| WHAT IS EXPECTED |
Beginning at the line containing "this 1920×1080 image.", restate each line of the listing below word for word until the last one has been given.

| EXTRACTED INFORMATION |
......
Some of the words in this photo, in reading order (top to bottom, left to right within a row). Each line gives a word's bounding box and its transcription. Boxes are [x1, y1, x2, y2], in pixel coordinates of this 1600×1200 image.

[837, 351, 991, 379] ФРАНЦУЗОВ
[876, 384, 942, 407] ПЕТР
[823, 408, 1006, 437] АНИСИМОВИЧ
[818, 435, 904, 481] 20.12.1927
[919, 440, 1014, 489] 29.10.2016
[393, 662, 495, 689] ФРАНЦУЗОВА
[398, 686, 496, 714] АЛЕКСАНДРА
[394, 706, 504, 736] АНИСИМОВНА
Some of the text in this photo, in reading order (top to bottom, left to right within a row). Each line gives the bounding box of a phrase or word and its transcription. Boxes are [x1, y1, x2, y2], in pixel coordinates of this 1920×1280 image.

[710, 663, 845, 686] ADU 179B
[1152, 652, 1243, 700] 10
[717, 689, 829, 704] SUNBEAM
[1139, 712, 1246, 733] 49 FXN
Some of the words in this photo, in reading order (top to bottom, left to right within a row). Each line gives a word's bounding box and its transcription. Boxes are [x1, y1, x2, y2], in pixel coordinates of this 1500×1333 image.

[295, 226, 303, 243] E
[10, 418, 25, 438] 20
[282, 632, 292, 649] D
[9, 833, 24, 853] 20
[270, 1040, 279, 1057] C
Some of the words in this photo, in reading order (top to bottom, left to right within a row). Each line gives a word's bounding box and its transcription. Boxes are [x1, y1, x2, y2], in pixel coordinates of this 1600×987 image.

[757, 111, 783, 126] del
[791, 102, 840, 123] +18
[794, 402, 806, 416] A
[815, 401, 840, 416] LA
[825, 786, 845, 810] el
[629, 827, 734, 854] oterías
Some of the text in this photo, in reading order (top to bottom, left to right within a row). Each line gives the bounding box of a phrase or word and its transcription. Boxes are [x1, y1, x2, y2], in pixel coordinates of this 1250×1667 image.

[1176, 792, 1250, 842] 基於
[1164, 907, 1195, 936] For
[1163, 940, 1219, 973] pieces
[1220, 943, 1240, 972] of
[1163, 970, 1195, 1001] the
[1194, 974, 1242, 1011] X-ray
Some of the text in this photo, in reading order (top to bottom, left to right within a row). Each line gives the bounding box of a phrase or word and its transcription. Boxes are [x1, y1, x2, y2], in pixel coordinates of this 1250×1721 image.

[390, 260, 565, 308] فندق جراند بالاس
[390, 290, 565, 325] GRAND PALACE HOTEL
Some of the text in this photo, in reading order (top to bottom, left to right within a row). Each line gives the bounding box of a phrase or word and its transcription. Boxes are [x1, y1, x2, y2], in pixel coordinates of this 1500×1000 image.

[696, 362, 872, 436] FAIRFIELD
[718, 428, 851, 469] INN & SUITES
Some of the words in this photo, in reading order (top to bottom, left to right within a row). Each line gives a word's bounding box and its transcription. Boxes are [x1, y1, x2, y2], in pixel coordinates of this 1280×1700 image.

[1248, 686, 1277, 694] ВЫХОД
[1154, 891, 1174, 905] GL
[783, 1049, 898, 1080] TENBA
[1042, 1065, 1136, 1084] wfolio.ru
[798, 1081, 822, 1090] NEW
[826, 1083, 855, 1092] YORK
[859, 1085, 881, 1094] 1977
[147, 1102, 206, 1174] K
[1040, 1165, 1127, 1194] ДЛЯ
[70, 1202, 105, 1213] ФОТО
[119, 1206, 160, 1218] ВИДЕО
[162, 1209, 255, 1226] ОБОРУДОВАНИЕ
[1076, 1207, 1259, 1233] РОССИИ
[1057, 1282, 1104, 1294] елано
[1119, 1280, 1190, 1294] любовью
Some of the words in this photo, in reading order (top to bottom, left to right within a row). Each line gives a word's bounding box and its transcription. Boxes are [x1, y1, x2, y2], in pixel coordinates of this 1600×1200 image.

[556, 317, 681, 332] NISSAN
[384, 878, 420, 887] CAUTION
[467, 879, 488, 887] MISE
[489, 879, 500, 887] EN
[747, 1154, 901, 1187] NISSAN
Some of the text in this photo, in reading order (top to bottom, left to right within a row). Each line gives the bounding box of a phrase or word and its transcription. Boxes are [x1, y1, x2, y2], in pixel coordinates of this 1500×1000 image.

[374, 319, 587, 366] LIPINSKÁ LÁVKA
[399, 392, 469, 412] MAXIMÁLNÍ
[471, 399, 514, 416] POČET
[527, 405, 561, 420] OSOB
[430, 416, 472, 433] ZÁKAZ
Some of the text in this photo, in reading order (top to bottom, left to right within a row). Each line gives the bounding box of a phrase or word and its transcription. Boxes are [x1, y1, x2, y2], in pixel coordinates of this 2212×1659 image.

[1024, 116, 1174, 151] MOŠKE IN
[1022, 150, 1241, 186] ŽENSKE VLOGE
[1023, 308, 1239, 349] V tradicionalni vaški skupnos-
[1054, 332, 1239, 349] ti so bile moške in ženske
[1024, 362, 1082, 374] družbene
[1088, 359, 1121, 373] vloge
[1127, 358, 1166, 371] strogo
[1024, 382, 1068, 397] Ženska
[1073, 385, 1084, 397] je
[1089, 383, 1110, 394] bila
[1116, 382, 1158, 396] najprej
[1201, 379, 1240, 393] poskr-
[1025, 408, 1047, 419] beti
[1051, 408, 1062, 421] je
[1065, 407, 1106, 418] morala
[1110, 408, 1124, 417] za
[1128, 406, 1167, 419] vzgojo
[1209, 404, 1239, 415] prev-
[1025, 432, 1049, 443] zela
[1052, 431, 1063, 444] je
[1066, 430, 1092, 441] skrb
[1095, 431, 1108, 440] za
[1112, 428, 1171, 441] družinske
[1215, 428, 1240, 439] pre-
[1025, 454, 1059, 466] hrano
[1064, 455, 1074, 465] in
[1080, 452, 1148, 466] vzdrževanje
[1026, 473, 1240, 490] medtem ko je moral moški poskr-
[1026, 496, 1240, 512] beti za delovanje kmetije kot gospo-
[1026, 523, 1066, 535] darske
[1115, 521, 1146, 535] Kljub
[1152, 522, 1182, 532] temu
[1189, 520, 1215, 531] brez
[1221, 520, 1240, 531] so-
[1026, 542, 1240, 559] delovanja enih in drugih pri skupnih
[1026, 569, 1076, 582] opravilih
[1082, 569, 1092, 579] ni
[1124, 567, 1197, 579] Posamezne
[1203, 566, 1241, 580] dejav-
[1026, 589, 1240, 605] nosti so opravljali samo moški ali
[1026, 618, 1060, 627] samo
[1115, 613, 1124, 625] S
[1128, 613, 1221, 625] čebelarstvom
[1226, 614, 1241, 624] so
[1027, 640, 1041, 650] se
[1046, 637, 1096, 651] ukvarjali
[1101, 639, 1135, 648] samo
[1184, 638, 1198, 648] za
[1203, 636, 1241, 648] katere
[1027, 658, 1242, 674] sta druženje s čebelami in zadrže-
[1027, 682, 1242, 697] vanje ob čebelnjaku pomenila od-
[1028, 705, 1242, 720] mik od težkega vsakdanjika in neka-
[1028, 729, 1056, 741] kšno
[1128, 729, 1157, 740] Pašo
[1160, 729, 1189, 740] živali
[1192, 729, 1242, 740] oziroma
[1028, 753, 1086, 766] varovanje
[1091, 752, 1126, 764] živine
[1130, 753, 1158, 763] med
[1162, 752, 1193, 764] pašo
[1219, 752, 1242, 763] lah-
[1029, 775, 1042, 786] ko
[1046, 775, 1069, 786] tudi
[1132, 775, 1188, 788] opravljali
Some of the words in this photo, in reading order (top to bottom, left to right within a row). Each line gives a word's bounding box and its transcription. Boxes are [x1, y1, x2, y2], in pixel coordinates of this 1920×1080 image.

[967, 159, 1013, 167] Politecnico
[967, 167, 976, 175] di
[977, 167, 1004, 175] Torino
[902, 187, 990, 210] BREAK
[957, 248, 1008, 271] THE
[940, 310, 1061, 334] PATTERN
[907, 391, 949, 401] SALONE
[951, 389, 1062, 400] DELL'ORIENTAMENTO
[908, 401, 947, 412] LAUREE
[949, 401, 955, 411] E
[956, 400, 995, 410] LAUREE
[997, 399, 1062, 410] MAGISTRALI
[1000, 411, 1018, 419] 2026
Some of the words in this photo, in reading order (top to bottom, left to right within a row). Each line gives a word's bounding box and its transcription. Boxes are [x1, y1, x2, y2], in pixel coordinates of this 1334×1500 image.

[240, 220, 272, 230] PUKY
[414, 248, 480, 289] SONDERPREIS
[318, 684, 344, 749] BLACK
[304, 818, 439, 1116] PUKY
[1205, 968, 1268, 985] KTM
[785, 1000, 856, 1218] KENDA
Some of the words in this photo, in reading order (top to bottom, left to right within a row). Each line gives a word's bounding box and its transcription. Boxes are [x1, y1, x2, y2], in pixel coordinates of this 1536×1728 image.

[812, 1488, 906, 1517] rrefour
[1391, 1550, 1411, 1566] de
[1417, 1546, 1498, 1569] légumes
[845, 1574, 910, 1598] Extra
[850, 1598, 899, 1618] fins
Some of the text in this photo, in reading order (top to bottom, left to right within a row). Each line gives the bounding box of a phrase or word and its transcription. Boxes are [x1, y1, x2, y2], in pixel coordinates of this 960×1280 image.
......
| YOUR RESPONSE |
Some of the words in this photo, in reading order (top to bottom, left to right within a row). Each line gives a word's bounding box and its transcription. Boxes are [x1, y1, x2, y2], in pixel coordinates of this 1920×1080 image.

[967, 159, 1013, 167] Politecnico
[967, 167, 976, 175] di
[977, 167, 1004, 175] Torino
[902, 187, 990, 210] BREAK
[957, 248, 1008, 271] THE
[940, 310, 1061, 334] PATTERN
[907, 391, 949, 401] SALONE
[951, 389, 1062, 400] DELL'ORIENTAMENTO
[908, 401, 947, 412] LAUREE
[949, 401, 955, 411] E
[956, 400, 995, 410] LAUREE
[997, 399, 1062, 410] MAGISTRALI
[1000, 411, 1018, 419] 2026
Some of the words in this photo, in reading order (top to bottom, left to right within a row). Each line gives a word's bounding box and its transcription. Boxes are [x1, y1, x2, y2], in pixel coordinates of this 1334×1500 image.

[240, 220, 272, 230] PUKY
[414, 248, 480, 289] SONDERPREIS
[318, 684, 344, 749] BLACK
[304, 818, 439, 1116] PUKY
[1205, 968, 1268, 985] KTM
[785, 1000, 856, 1218] KENDA
Some of the words in this photo, in reading order (top to bottom, left to right within a row). Each line gives a word's bounding box and its transcription. Boxes are [x1, y1, x2, y2], in pixel coordinates of this 1536×1728 image.

[812, 1488, 906, 1517] rrefour
[1391, 1550, 1411, 1566] de
[1417, 1546, 1498, 1569] légumes
[845, 1574, 910, 1598] Extra
[850, 1598, 899, 1618] fins
Some of the text in this photo, in reading order (top to bottom, left to right within a row). Each line gives the bounding box of a phrase or word and its transcription. Boxes are [x1, y1, x2, y2], in pixel coordinates of this 960×1280 image.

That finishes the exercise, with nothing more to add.